Il a grimacé un sourire, à la fois désespéré et penaud, à faire fondre la plus intraitable des harpies. Pat est alors arrivé au grand galop à notre hauteur, nous avions pris du retard, et il venait voir ce que nous fabriquions…Nous l'avons rassuré sur l'état de nos chevilles, il ne cessait de les regarder, il devait penser que sur les quatre, nous avions dû trouver le moyen de nous en fouler déjà une ou deux ! Il a affiché un air merveilleusement soulagé, et est reparti, toujours galopant, reprendre la tête de notre colonne.

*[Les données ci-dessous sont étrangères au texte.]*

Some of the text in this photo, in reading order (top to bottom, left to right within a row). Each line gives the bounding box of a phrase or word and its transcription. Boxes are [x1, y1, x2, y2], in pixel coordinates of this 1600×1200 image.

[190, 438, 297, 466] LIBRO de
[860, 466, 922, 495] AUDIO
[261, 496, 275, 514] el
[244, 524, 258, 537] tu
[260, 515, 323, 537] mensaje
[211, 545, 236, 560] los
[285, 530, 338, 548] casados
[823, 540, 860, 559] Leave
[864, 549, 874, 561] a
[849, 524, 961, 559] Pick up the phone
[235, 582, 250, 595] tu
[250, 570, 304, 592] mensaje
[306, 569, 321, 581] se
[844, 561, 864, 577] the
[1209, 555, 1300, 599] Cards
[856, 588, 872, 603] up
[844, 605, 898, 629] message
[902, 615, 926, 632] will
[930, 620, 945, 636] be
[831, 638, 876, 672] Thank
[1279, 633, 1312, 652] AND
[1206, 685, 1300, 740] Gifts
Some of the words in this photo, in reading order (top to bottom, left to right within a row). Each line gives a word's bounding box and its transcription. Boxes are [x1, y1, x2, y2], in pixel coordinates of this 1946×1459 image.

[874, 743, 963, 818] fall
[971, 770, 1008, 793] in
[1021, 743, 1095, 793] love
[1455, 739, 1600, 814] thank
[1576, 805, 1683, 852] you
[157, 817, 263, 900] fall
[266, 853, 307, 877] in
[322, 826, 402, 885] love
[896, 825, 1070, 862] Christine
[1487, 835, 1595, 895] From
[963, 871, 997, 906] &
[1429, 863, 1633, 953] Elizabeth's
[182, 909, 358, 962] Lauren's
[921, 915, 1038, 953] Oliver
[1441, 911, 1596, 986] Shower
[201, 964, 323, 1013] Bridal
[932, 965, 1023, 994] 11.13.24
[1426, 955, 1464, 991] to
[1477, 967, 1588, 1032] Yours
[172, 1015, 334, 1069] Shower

« C'est bon, nous ne lui avons pas niqué son excursion… » Je ris à nouveau, finalement, l'intervention de Pat avait fait disparaître le malaise entre nous. Je lus dans les yeux de Remus qu'il ne laisserait plus rien le faire déraper. Mais que je devais faire attention, néanmoins.
Pat nous fit observer des haltes régulières, toutes les demi-heures, en profitant pour nous délivrer de longs commentaires sur le paysage. Je ne sais pas si c'était une technique de drague à l'attention de Minami : j'étale ma science tout en jouant du mollet, je suis cultivé et costaud, mais personne ne l'écoutait vraiment.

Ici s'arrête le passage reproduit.